Problem requirements. Nothing in the data should change when you return it, but leave the pictures out.

Free-text object descriptions:
----

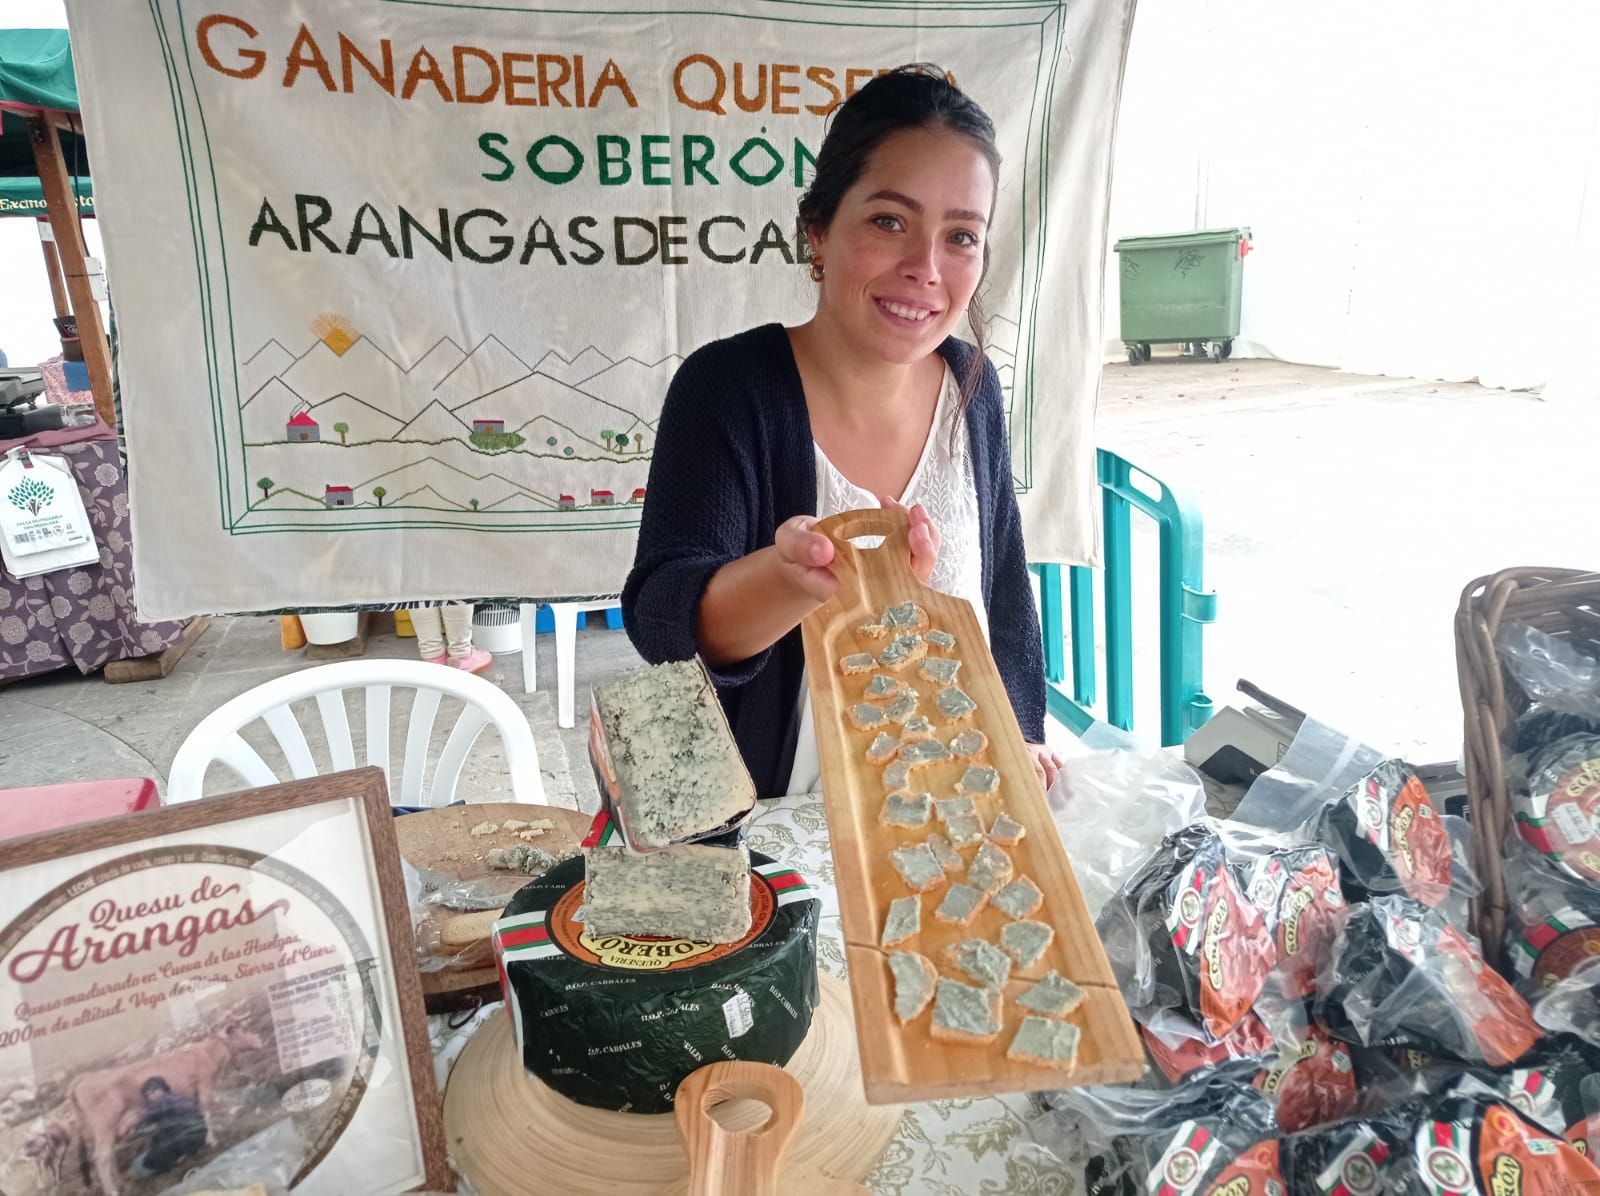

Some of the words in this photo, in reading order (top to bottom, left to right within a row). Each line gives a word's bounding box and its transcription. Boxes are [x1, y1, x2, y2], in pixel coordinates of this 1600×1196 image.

[196, 14, 638, 108] GANADERIA
[672, 52, 957, 116] QUESE
[248, 194, 604, 266] ARANGAS
[89, 894, 184, 932] Quesu
[190, 875, 241, 904] de
[8, 898, 290, 984] Arangas
[610, 954, 662, 967] QUESERIA
[14, 999, 63, 1022] Queso
[63, 973, 139, 1005] madurado
[159, 961, 201, 979] Cueva
[204, 952, 220, 967] de
[222, 948, 242, 963] las
[50, 1015, 70, 1033] de
[129, 991, 167, 1010] Vega
[234, 961, 275, 980] Sierra
[277, 949, 297, 968] del
[590, 978, 637, 987] CABRALES
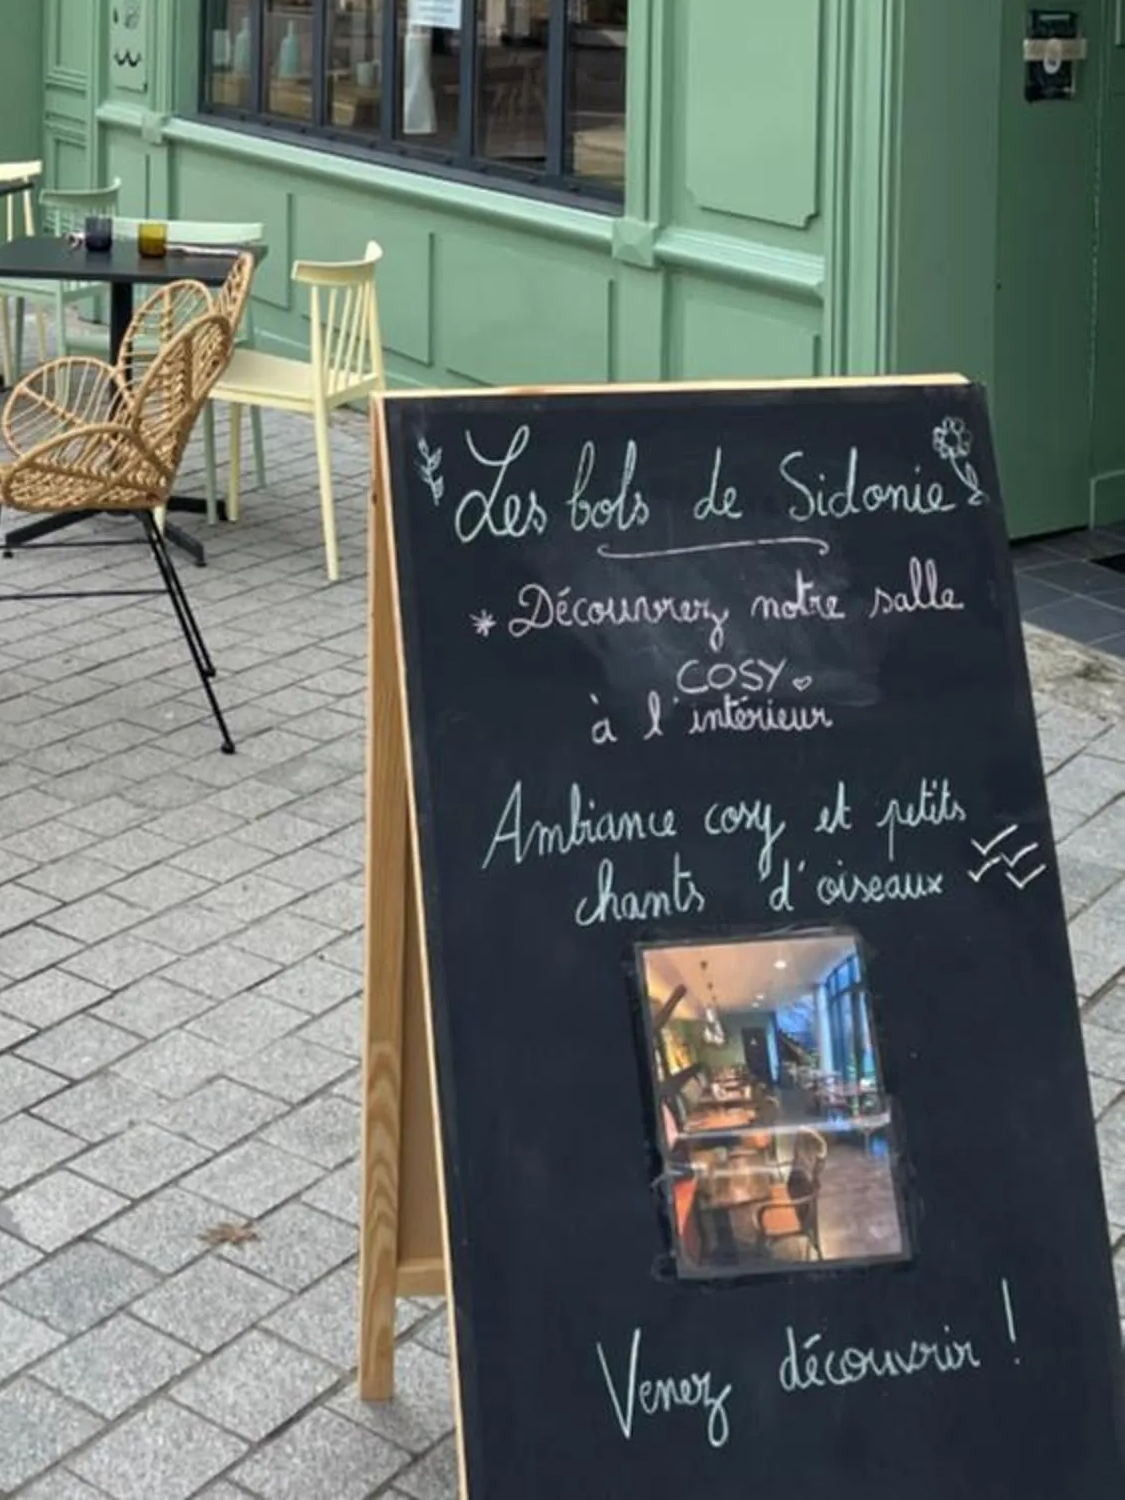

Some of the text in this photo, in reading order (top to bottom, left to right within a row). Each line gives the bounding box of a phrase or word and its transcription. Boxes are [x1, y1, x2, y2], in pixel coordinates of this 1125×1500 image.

[454, 424, 957, 543] Les bols de Sidonie
[508, 556, 965, 652] Découvrez notre salle
[590, 693, 618, 745] à
[481, 777, 967, 882] Ambiance cosy et petits
[575, 852, 706, 926] chants
[596, 1327, 732, 1448] Venez
[779, 1325, 981, 1391] découvrir
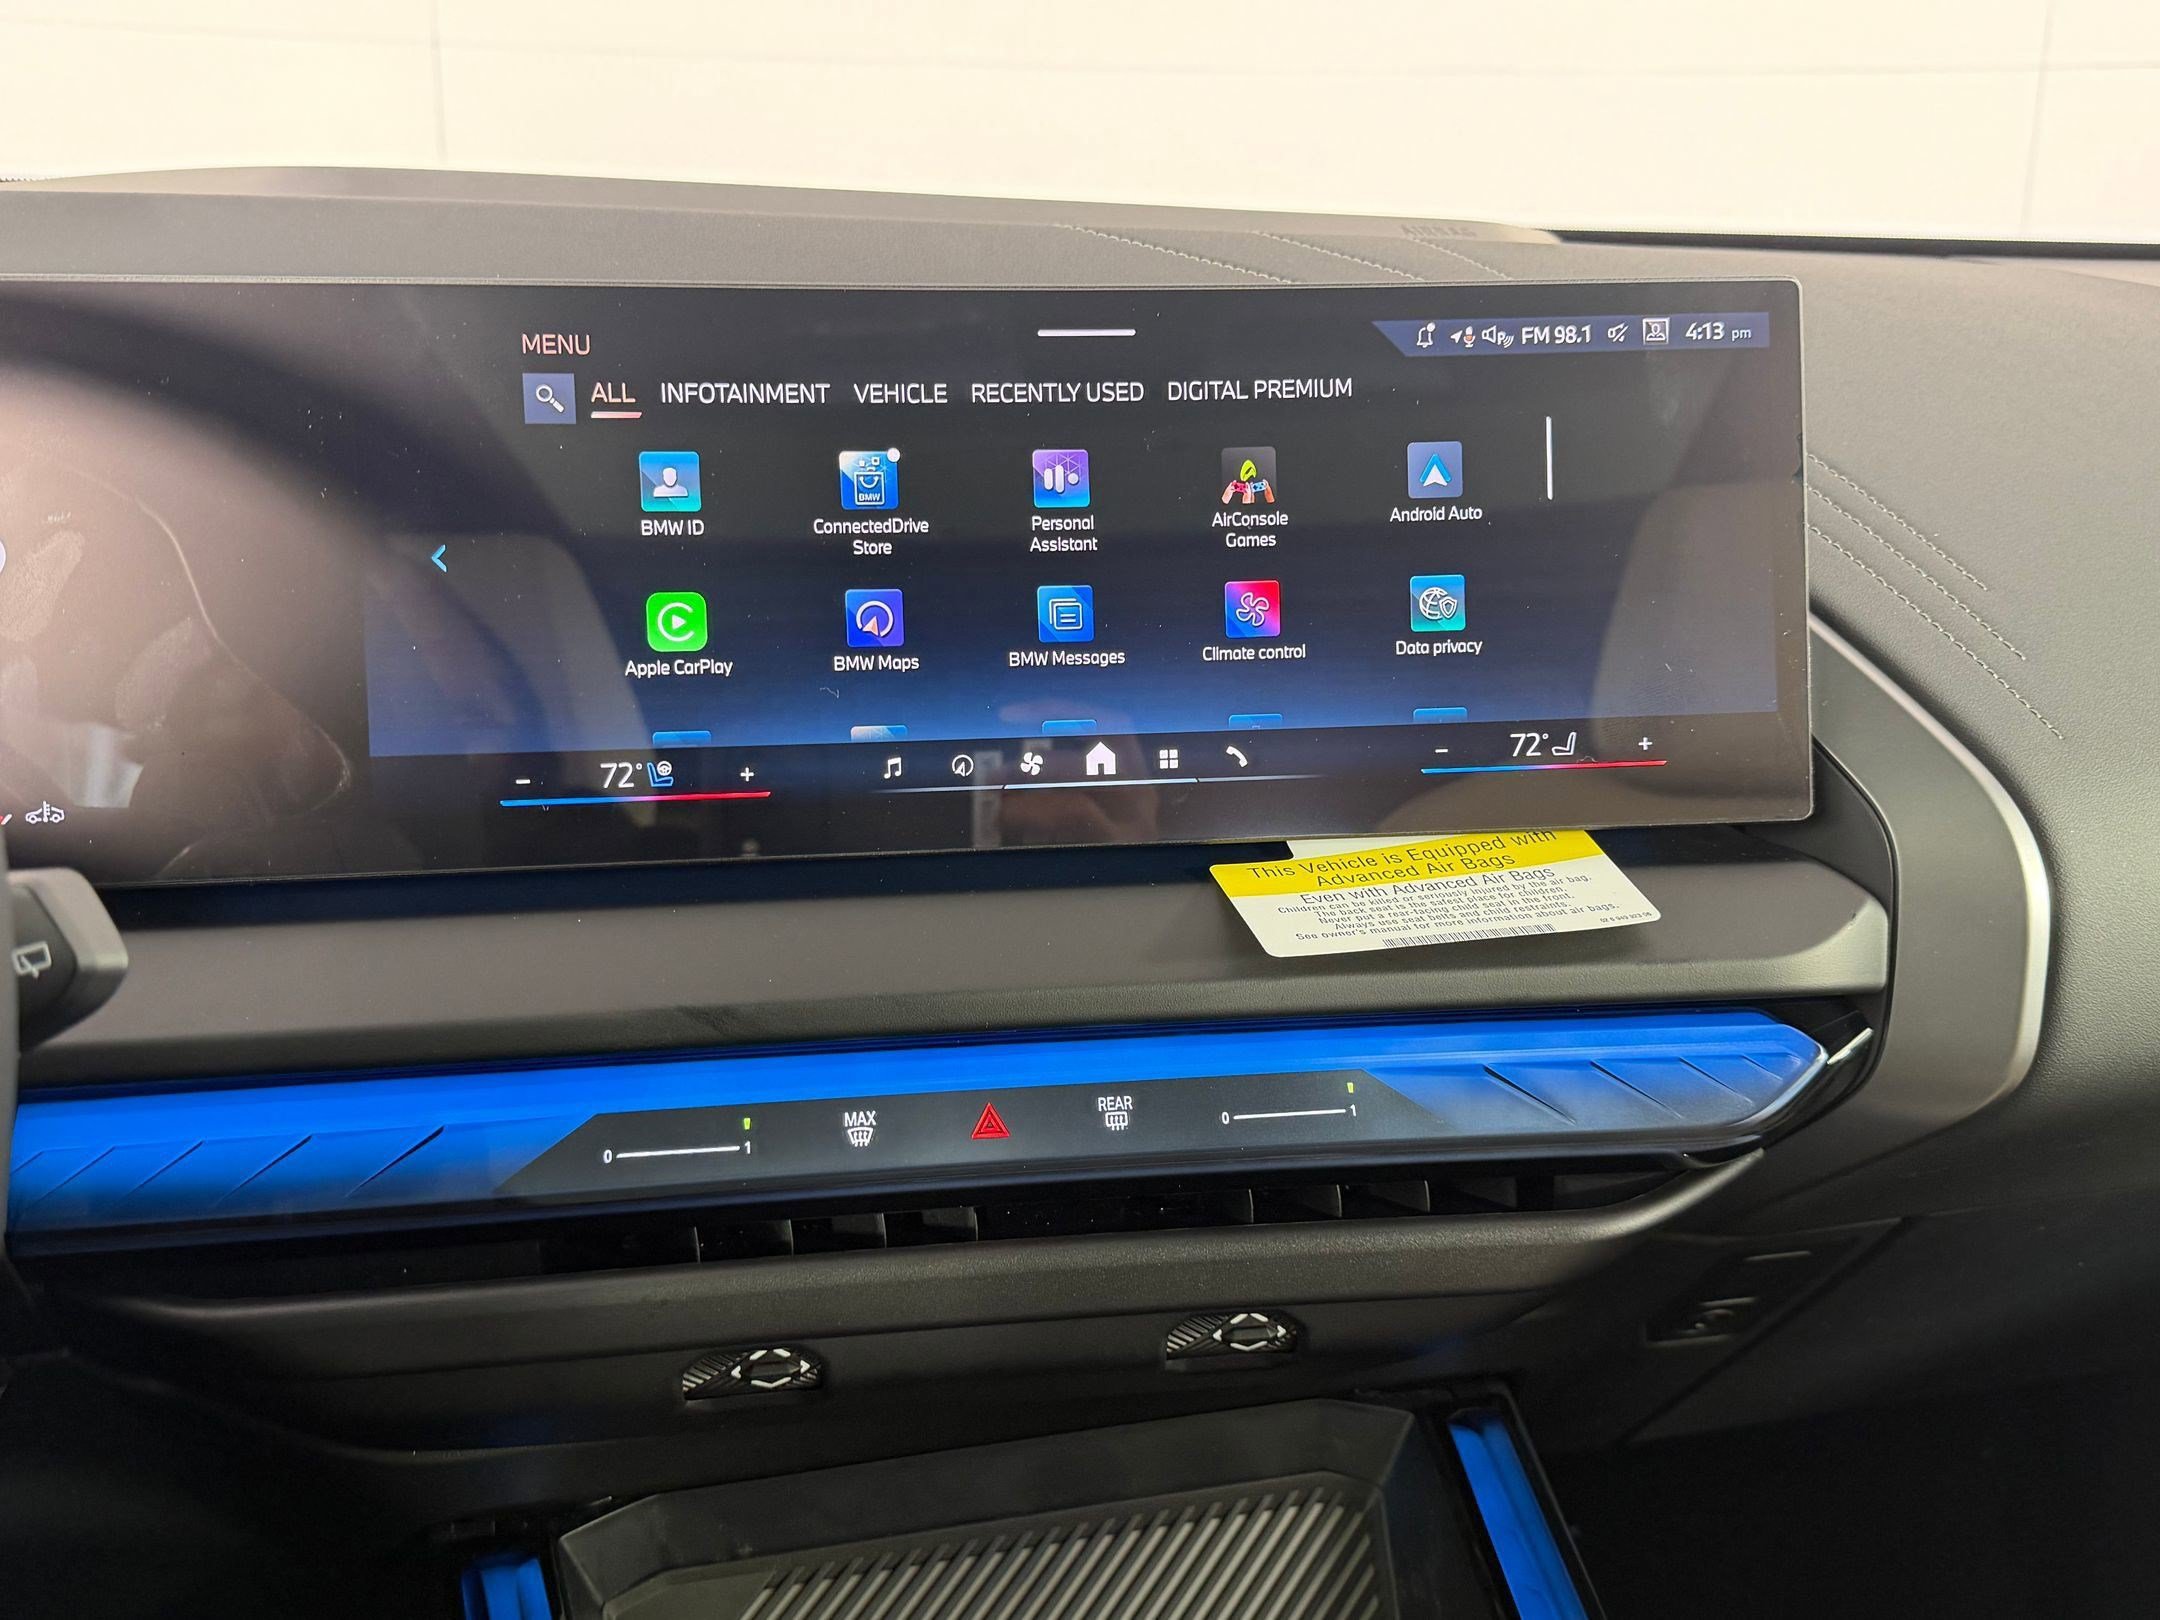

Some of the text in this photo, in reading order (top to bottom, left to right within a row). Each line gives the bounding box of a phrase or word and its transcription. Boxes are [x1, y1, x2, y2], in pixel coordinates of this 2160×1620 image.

----

Answer to the exercise.
Some of the words in this photo, in reading order (top to bottom, left to right within a row). Each line gives a word's bounding box and its transcription. Boxes are [x1, y1, x2, y2], in pixel coordinates of this 1600×1196 image.

[196, 14, 638, 108] GANADERIA
[672, 52, 957, 116] QUESE
[248, 194, 604, 266] ARANGAS
[89, 894, 184, 932] Quesu
[190, 875, 241, 904] de
[8, 898, 290, 984] Arangas
[610, 954, 662, 967] QUESERIA
[14, 999, 63, 1022] Queso
[63, 973, 139, 1005] madurado
[159, 961, 201, 979] Cueva
[204, 952, 220, 967] de
[222, 948, 242, 963] las
[50, 1015, 70, 1033] de
[129, 991, 167, 1010] Vega
[234, 961, 275, 980] Sierra
[277, 949, 297, 968] del
[590, 978, 637, 987] CABRALES

Some of the text in this photo, in reading order (top to bottom, left to right within a row). Each line gives the bounding box of a phrase or word and its transcription. Boxes are [x1, y1, x2, y2], in pixel coordinates of this 1125×1500 image.

[454, 424, 957, 543] Les bols de Sidonie
[508, 556, 965, 652] Découvrez notre salle
[590, 693, 618, 745] à
[481, 777, 967, 882] Ambiance cosy et petits
[575, 852, 706, 926] chants
[596, 1327, 732, 1448] Venez
[779, 1325, 981, 1391] découvrir

Some of the text in this photo, in reading order (top to bottom, left to right within a row). Each line gives the bounding box of a phrase or word and its transcription. Boxes are [x1, y1, x2, y2], in pixel coordinates of this 2160×1620 image.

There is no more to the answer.